As has been described above, according to the present invention, the contact pressure with the bulb neck inner surface is reduced to a considerable degree as compared to the cases of the conventional electron gun fixers. As a result, the damage and peel of the conductive film on the bulb neck inner surface are avoided even when the electron gun fixer is inserted to and rotated in the bulb neck.

While there has been described what is at present considered to be a preferred embodiment of the invention, it will be understood that various modifications may be made thereto, and it is intended that the appended claims cover all such modifications as fall within the true spirit and scope of the invention.

Claims

What is claimed is:

1. An electron gun fixer comprising,

bulb spacers fixed to an electron gun, said electron gun being to be inserted into a bulb neck, and said bulb spacers each having a supporting portion to be put into press contact with the inner surface of said bulb neck, wherein the equation “R1≧R2>R3” holds for said supporting portion, where

R1 is the radius of curvature in the cross section along the direction of insertion of said electron gun into said bulb neck, R2 is the radius of curvature of a peripheral part in the cross section perpendicular to the direction of insertion, and R3 is the radius of curvature of the remaining parts in the cross section perpendicular to the direction of insertion; and

R2 is substantially equal to the radius of curvature R0 of said bulb neck.

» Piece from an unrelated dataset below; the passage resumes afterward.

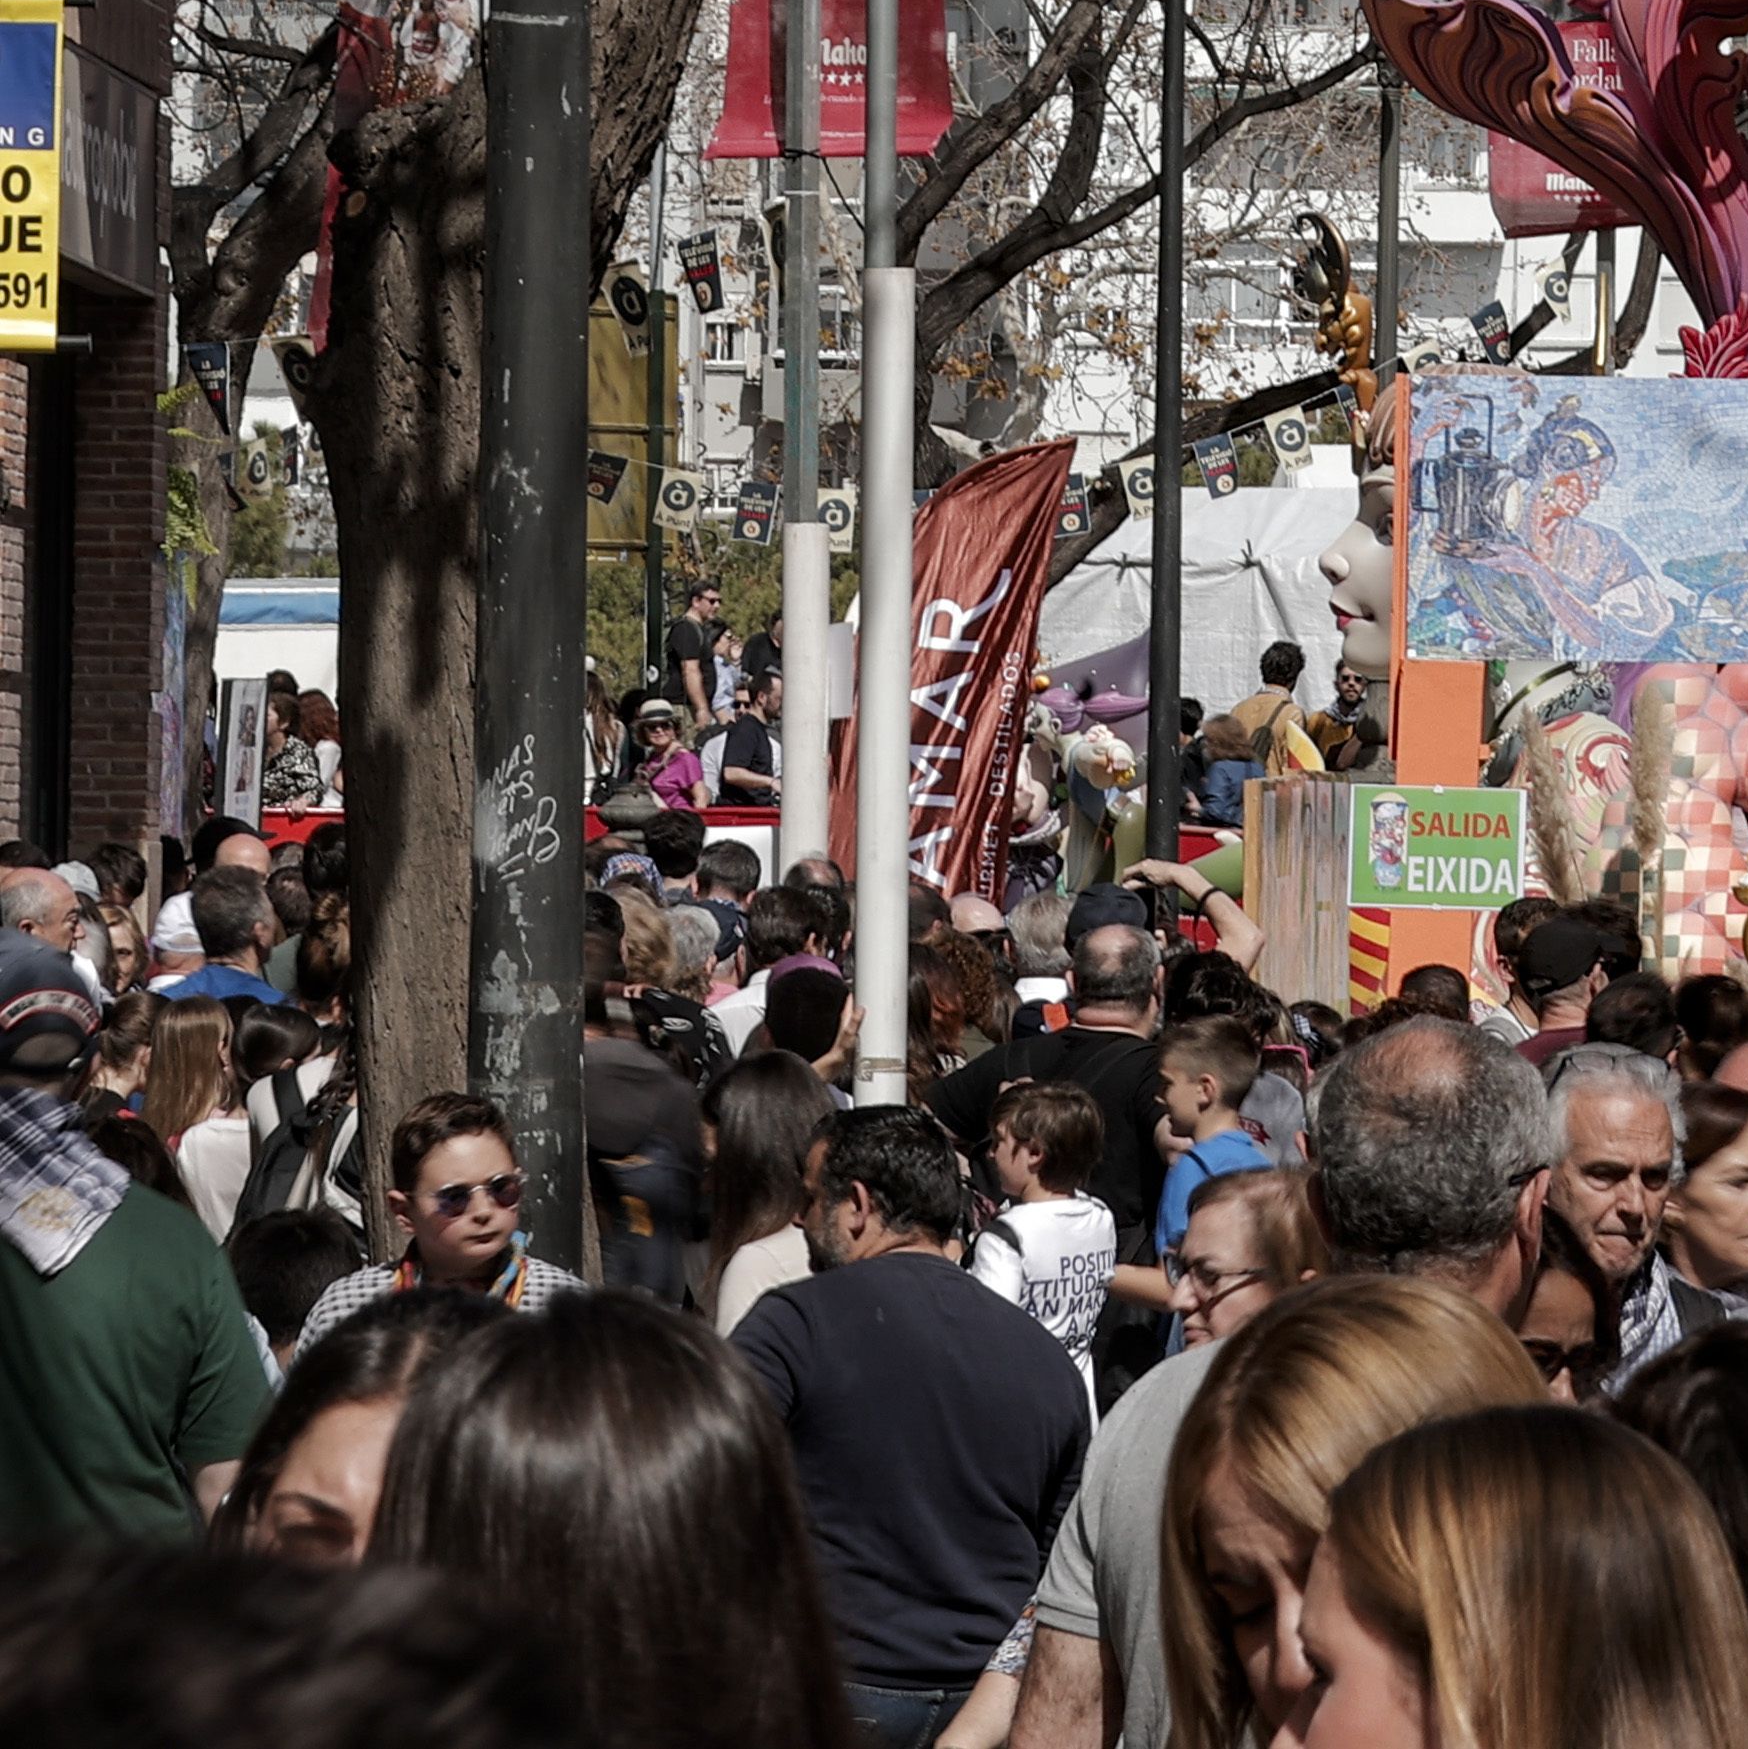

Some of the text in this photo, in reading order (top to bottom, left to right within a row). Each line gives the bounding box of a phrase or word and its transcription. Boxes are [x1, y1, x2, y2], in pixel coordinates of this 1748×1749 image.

[990, 650, 1022, 796] DESTILADOS
[1410, 811, 1512, 839] SALIDA
[1407, 855, 1516, 895] EIXIDA

2. The electron gun fixer according to claim 1, wherein each of said bulb spacers has a leg portion fixed to said electron gun, bent at an acute angle.

3. The electron gun fixer according to claim 1, wherein “0.8×R0≦R2<1.0×R0” and “R3<0.8×R0” hold for the radii of curvature R0, R1, R2, and R3.

4. The electron gun fixer according to claim 2, wherein “0.8×R0≦R2<1.0×R0” and “R3<0.8×R0” hold for the radii of curvature R0, R1, R2, and R3.